__YOUR GOAL__. Leave every picture out, and retype all the remaining records exactly.

__SOURCE MATERIAL__.
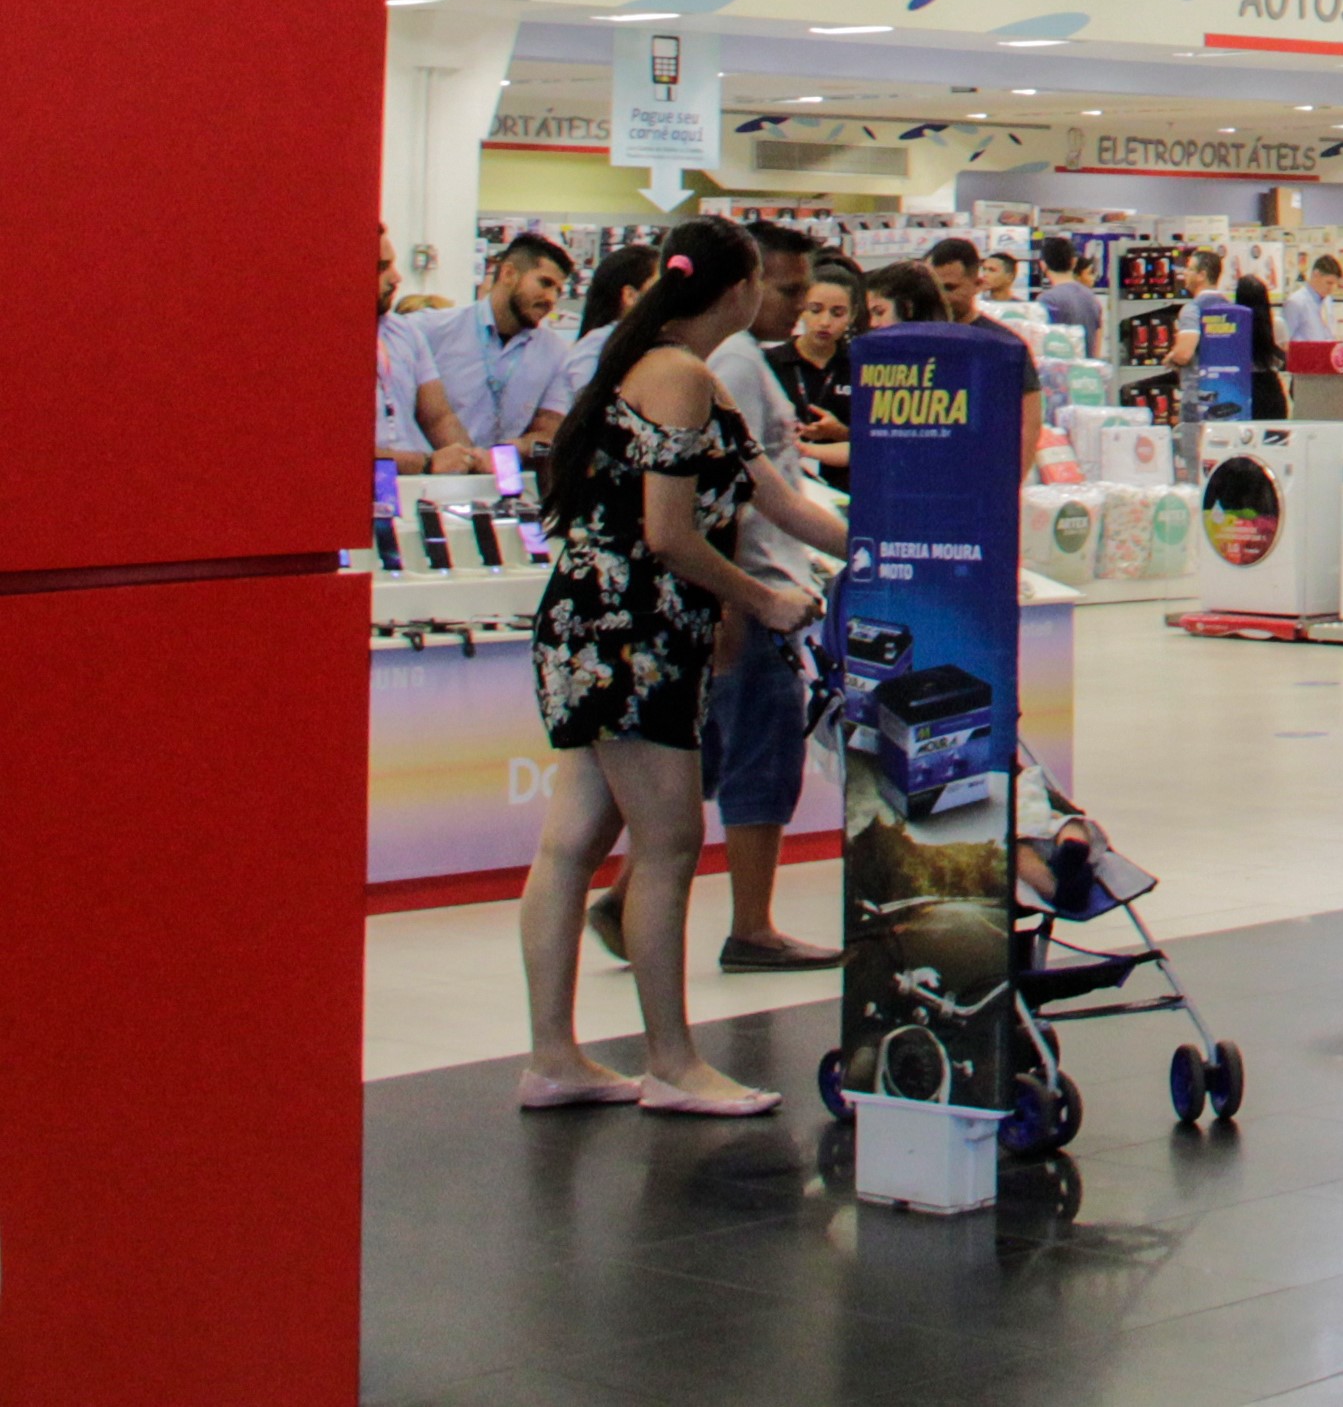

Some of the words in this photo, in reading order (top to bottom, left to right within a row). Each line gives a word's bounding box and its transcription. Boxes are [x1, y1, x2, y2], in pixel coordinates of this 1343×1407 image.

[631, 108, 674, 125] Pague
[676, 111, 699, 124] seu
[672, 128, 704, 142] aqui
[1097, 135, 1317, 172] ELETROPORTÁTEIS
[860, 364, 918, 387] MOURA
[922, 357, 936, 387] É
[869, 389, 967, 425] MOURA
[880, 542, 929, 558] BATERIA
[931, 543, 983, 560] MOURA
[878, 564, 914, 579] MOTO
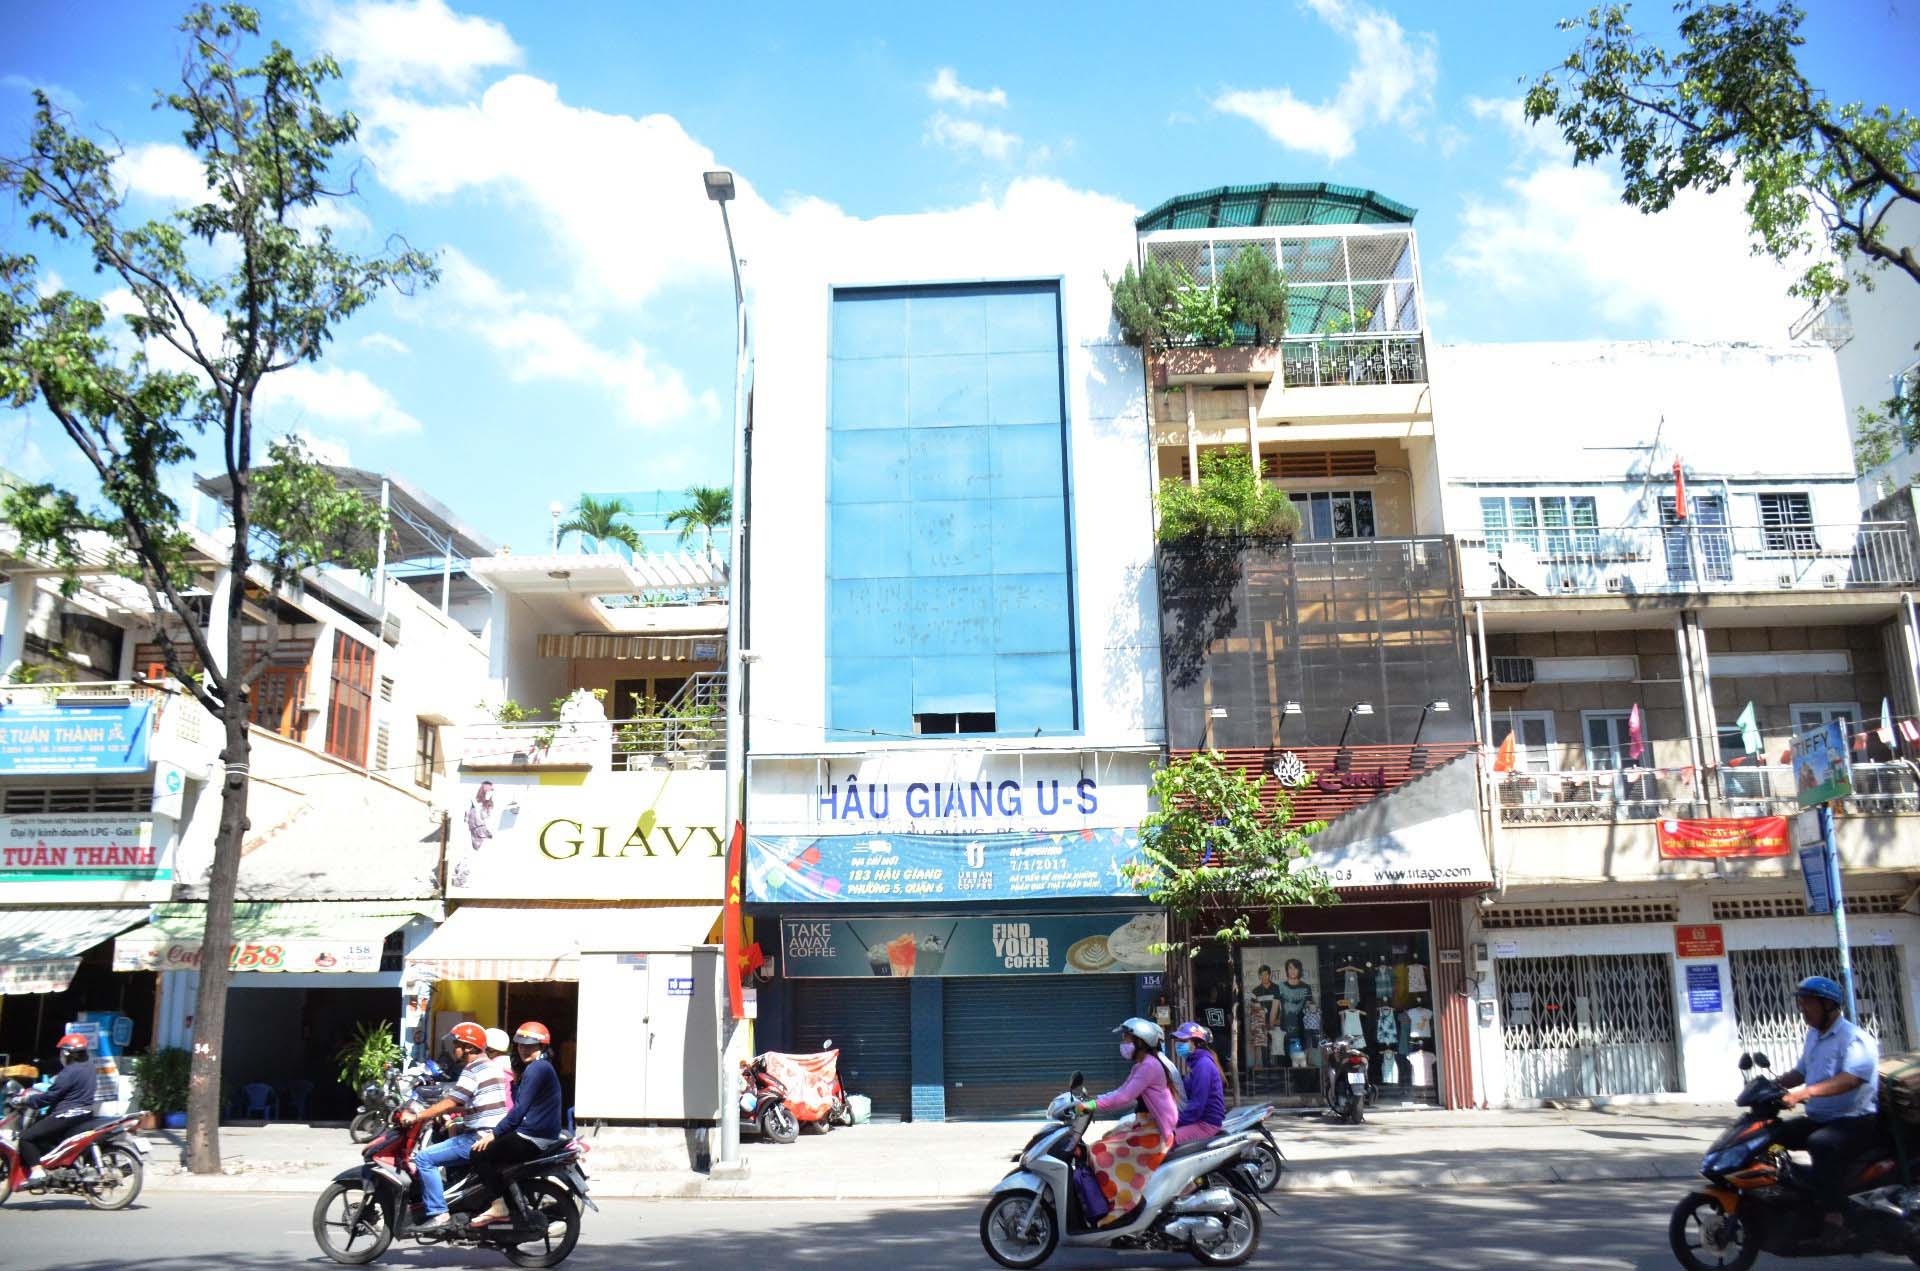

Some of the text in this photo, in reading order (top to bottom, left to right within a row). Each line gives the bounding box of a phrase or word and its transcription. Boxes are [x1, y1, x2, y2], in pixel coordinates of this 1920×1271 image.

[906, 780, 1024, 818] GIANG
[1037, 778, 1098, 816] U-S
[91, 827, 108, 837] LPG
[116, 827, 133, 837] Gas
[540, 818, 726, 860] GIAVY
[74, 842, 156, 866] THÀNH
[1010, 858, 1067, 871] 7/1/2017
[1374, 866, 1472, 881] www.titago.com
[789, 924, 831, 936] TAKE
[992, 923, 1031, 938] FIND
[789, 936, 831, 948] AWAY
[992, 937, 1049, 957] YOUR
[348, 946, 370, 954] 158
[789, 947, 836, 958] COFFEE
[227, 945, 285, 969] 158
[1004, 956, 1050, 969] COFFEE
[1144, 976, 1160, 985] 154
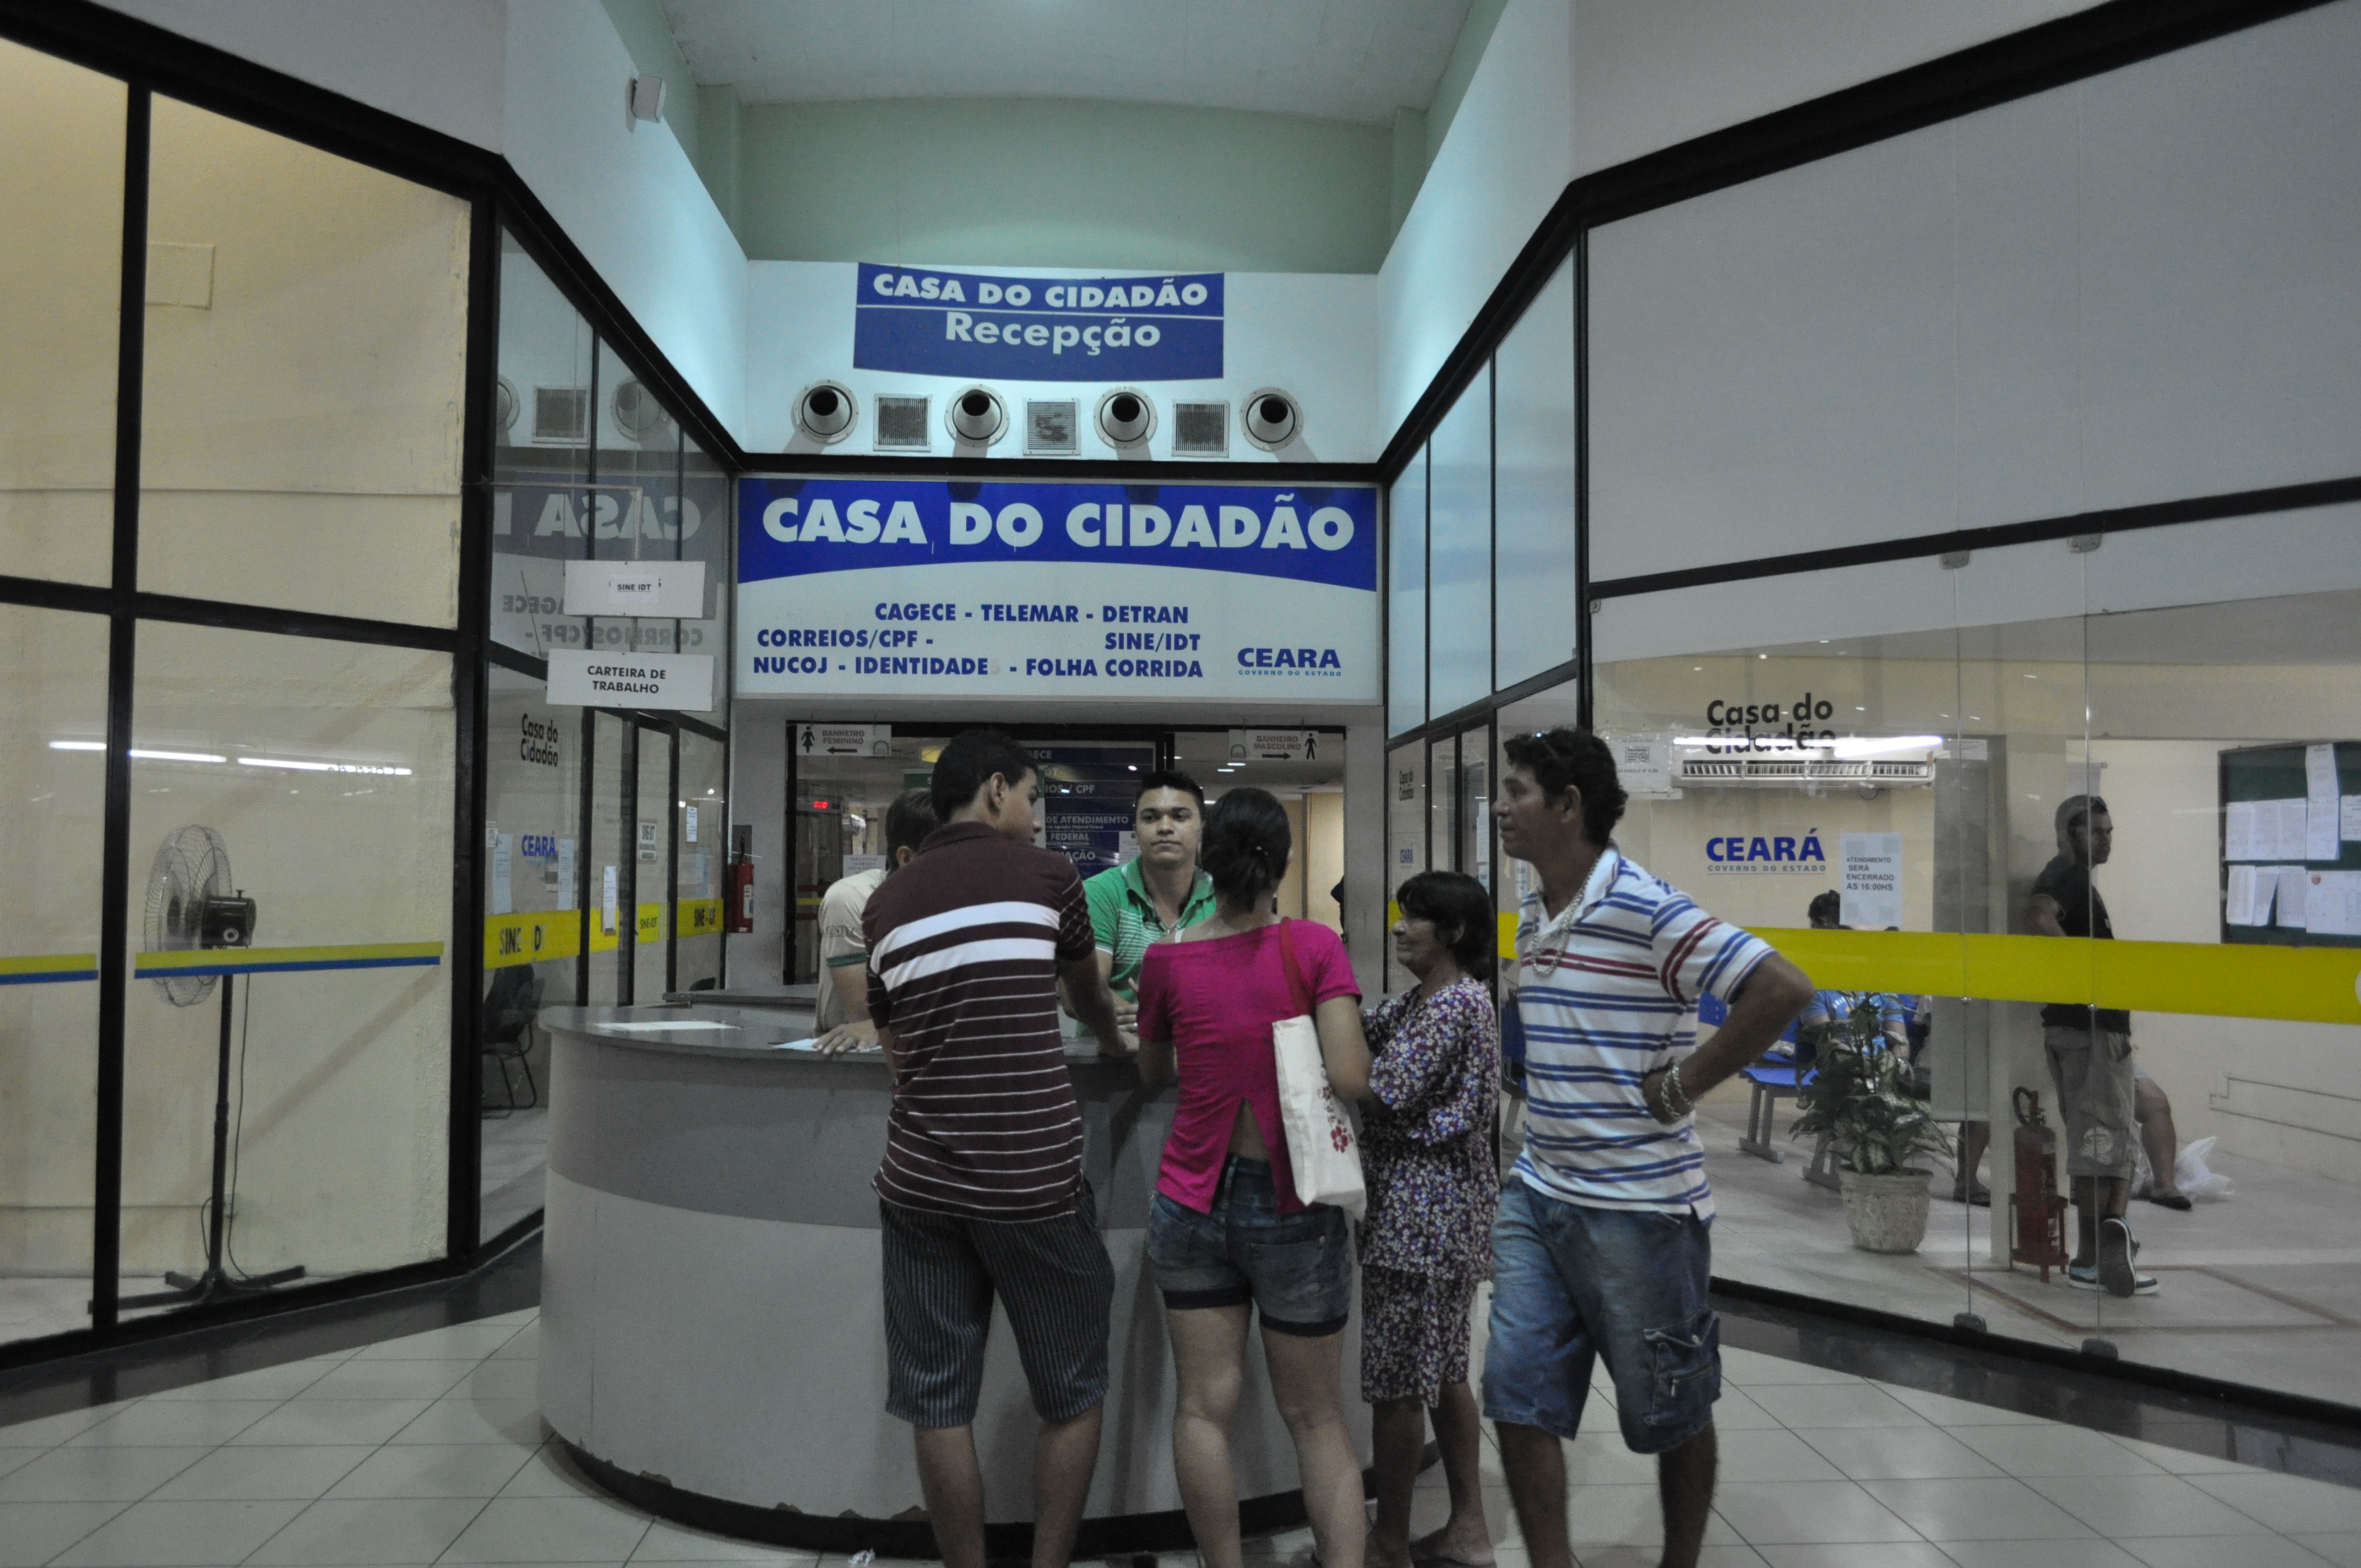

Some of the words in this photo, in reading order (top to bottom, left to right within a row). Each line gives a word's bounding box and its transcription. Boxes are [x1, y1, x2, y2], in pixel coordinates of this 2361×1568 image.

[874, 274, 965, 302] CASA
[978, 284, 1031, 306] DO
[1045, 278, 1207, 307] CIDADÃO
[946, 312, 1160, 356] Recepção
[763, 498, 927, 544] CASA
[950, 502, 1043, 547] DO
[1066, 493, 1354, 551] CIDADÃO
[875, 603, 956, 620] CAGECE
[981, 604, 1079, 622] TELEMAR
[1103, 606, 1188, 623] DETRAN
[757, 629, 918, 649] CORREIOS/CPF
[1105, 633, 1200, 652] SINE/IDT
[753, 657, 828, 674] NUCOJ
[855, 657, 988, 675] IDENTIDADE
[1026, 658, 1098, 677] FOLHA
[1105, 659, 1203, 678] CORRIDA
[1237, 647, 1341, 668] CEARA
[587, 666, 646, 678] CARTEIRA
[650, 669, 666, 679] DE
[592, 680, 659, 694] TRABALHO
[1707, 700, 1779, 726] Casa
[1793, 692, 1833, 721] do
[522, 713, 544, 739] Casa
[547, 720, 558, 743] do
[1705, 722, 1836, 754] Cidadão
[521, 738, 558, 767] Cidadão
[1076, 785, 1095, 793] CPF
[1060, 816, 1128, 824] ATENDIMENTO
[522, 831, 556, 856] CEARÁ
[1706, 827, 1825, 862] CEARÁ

__SOLUTION TO THE EXERCISE__.
Some of the words in this photo, in reading order (top to bottom, left to right within a row). Each line gives a word's bounding box and its transcription. Boxes are [x1, y1, x2, y2], in pixel coordinates of this 1343×1407 image.

[631, 108, 674, 125] Pague
[676, 111, 699, 124] seu
[672, 128, 704, 142] aqui
[1097, 135, 1317, 172] ELETROPORTÁTEIS
[860, 364, 918, 387] MOURA
[922, 357, 936, 387] É
[869, 389, 967, 425] MOURA
[880, 542, 929, 558] BATERIA
[931, 543, 983, 560] MOURA
[878, 564, 914, 579] MOTO

Some of the text in this photo, in reading order (top to bottom, left to right within a row). Each line gives the bounding box of a phrase or word and its transcription. Boxes are [x1, y1, x2, y2], in pixel coordinates of this 1920×1271 image.

[906, 780, 1024, 818] GIANG
[1037, 778, 1098, 816] U-S
[91, 827, 108, 837] LPG
[116, 827, 133, 837] Gas
[540, 818, 726, 860] GIAVY
[74, 842, 156, 866] THÀNH
[1010, 858, 1067, 871] 7/1/2017
[1374, 866, 1472, 881] www.titago.com
[789, 924, 831, 936] TAKE
[992, 923, 1031, 938] FIND
[789, 936, 831, 948] AWAY
[992, 937, 1049, 957] YOUR
[348, 946, 370, 954] 158
[789, 947, 836, 958] COFFEE
[227, 945, 285, 969] 158
[1004, 956, 1050, 969] COFFEE
[1144, 976, 1160, 985] 154

Some of the words in this photo, in reading order (top to bottom, left to right within a row). Each line gives a word's bounding box and its transcription. Boxes are [x1, y1, x2, y2], in pixel coordinates of this 2361×1568 image.

[874, 274, 965, 302] CASA
[978, 284, 1031, 306] DO
[1045, 278, 1207, 307] CIDADÃO
[946, 312, 1160, 356] Recepção
[763, 498, 927, 544] CASA
[950, 502, 1043, 547] DO
[1066, 493, 1354, 551] CIDADÃO
[875, 603, 956, 620] CAGECE
[981, 604, 1079, 622] TELEMAR
[1103, 606, 1188, 623] DETRAN
[757, 629, 918, 649] CORREIOS/CPF
[1105, 633, 1200, 652] SINE/IDT
[753, 657, 828, 674] NUCOJ
[855, 657, 988, 675] IDENTIDADE
[1026, 658, 1098, 677] FOLHA
[1105, 659, 1203, 678] CORRIDA
[1237, 647, 1341, 668] CEARA
[587, 666, 646, 678] CARTEIRA
[650, 669, 666, 679] DE
[592, 680, 659, 694] TRABALHO
[1707, 700, 1779, 726] Casa
[1793, 692, 1833, 721] do
[522, 713, 544, 739] Casa
[547, 720, 558, 743] do
[1705, 722, 1836, 754] Cidadão
[521, 738, 558, 767] Cidadão
[1076, 785, 1095, 793] CPF
[1060, 816, 1128, 824] ATENDIMENTO
[522, 831, 556, 856] CEARÁ
[1706, 827, 1825, 862] CEARÁ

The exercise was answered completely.